Exercise aim:
Transcribe the data underneath exactly. No images belong in your version.

Extracted information:
╔══
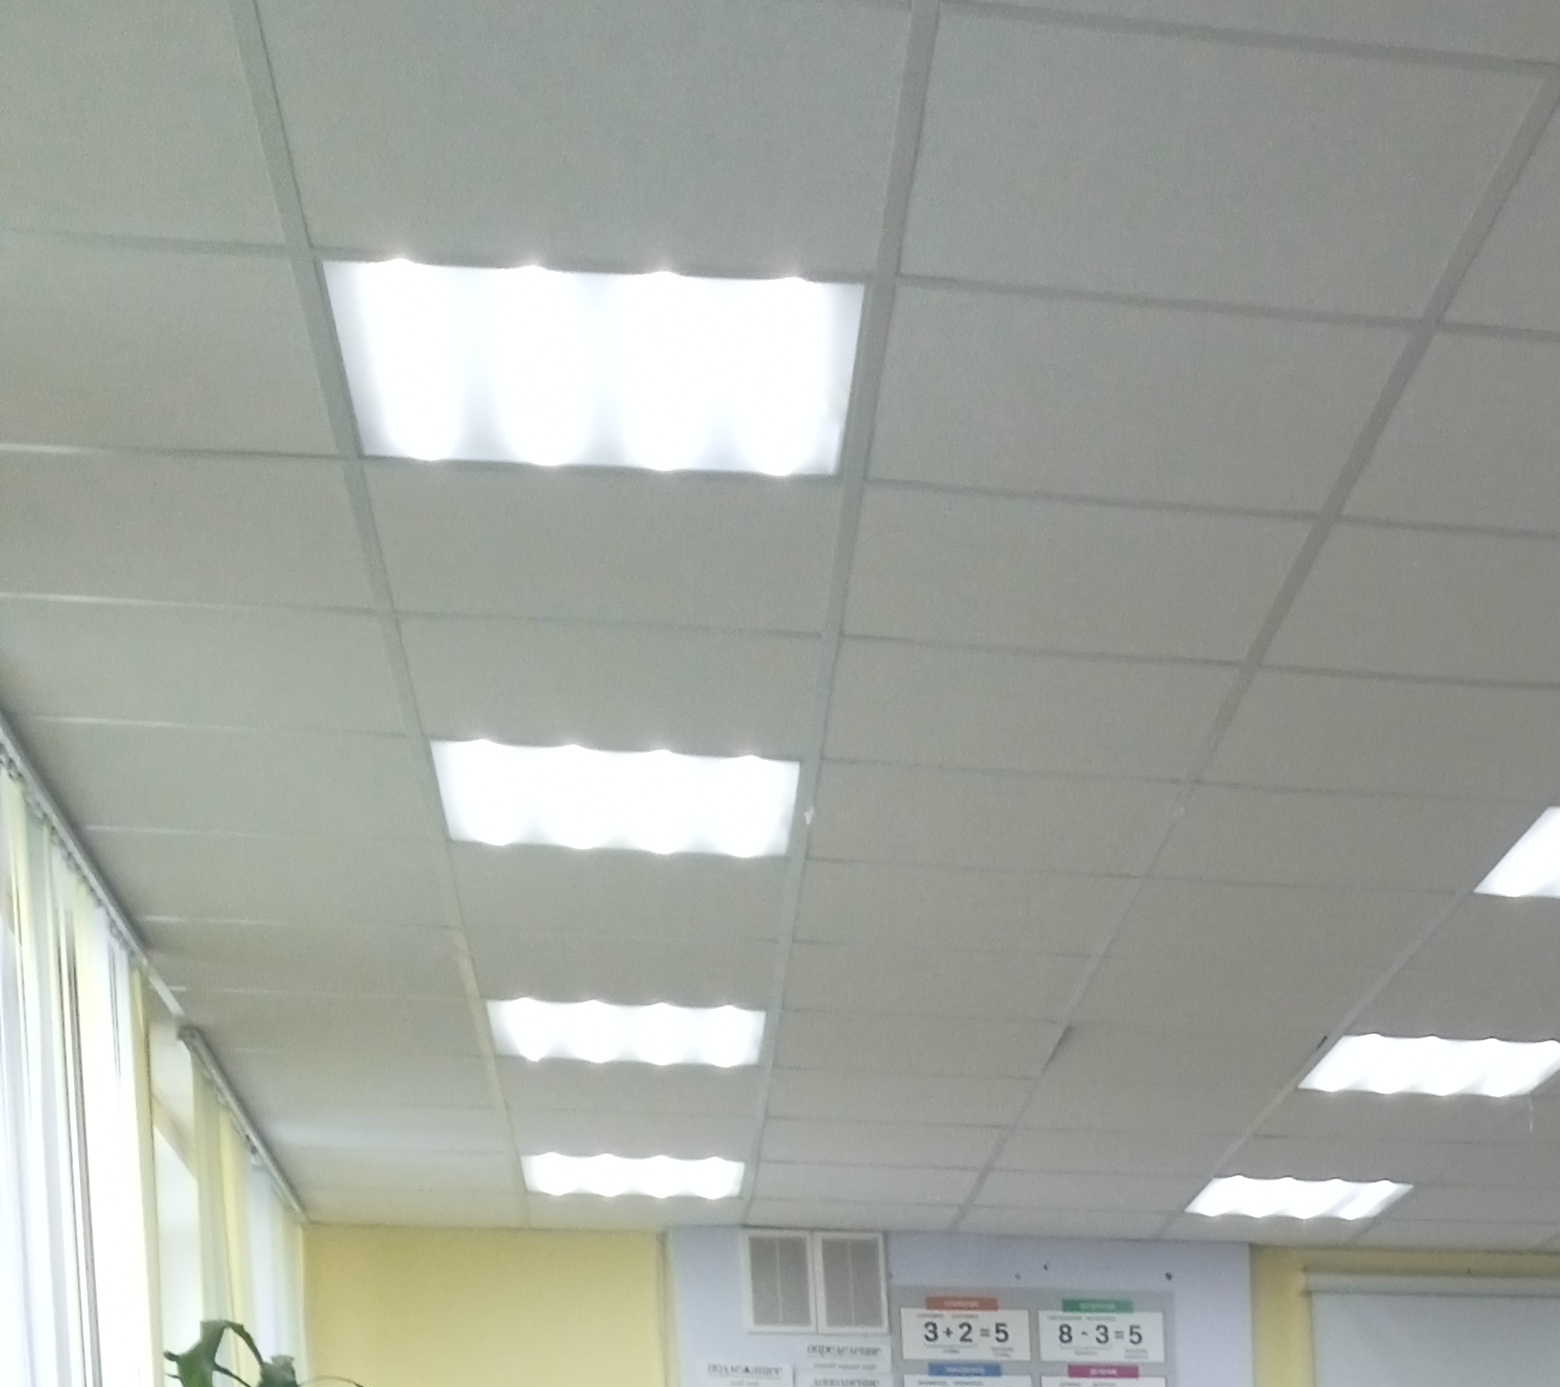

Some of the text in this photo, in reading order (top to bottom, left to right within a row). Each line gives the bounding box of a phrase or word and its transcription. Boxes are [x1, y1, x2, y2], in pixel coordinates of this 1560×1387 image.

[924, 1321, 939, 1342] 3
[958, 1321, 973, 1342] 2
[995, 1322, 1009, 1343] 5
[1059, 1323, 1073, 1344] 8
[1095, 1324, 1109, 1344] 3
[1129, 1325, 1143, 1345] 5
╚══
Output for this exercise:
Some of the text in this photo, in reading order (top to bottom, left to right within a row). Each line gives the bounding box of a phrase or word and its transcription. Boxes are [x1, y1, x2, y2], in pixel coordinates of this 1560×1387 image.

[924, 1321, 939, 1342] 3
[958, 1321, 973, 1342] 2
[995, 1322, 1009, 1343] 5
[1059, 1323, 1073, 1344] 8
[1095, 1324, 1109, 1344] 3
[1129, 1325, 1143, 1345] 5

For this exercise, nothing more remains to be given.